‘We cannot lose our workforce’: IAFC considers surgical masks recommendation

In their weekly webinar, members of the IAFC COVID-19 Task Force provided updated guidelines and advice for members battling the virus


By Rachel Engel 

In this week’s webinar, IAFC Coronavirus Task Force members stressed the importance of PPE supply awareness, and urged local leaders to use good judgment to determine if wearing surgical masks at the station is feasible and necessary.  

Task Force Chair Chief John Sinclair said that while new guidelines from the IAFF and the CDC recommend wearing a surgical mask while at the station, the ability of individual departments to do so hinges on their supply levels.  

Sinclair stressed that social distancing – maintaining a six-foot radius from others – has proven an effective mitigation strategy.  

“It’s going to be down to the local level as it relates to what PPE you have and what your burn rate is,” he said. “If you’ve got enough PPE and can have your folks wear masks in the station, that’s great. Our concern is that there’s not a lot of PPE in the pipeline, and it’s going to be difficult for most folks to wear surgical masks in and around the station.” 

Task force member Dr. James Augustine, FACEP, agrees with Sinclair that wearing masks when possible is the best recommendation per new CDC guidelines, extending to patient interactions.  

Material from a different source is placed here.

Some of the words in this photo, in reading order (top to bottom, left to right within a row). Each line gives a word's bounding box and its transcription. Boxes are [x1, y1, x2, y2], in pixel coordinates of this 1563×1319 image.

“The single most important thing we do to prevent infection is to put a mask on the patient, that is a surgical mask or face cover, not an N95 mask,” Augustine said. In addition, as allergy season ramps up, the doctor recommends that nebulizer treatments be done outside and with emergency personnel standing six feet away from the patient.  

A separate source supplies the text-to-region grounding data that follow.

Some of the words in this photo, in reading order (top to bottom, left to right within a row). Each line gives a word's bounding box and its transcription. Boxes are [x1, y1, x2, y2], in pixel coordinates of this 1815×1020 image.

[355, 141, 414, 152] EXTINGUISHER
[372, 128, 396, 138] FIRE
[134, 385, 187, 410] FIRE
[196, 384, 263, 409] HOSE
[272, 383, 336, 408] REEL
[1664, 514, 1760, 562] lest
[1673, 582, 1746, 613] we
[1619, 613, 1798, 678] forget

“The droplets that come out as vapor or from the patient coughing, means those are potentially infectious agents,” Augustine said. He also recommends putting a sheet over the patient prior to the procedure, so any droplets from the treatment do not get on the patient’s clothes, and the sheet can then be left at the scene.  

The webinar also included a presentation from U.S. Fire Administrator G. Keith Bryant and Deputy Section Chief Starlene Black of the FEMA Public Assistance Training Office regarding a simplified process for requesting FEMA public assistance grants related to COVID-19.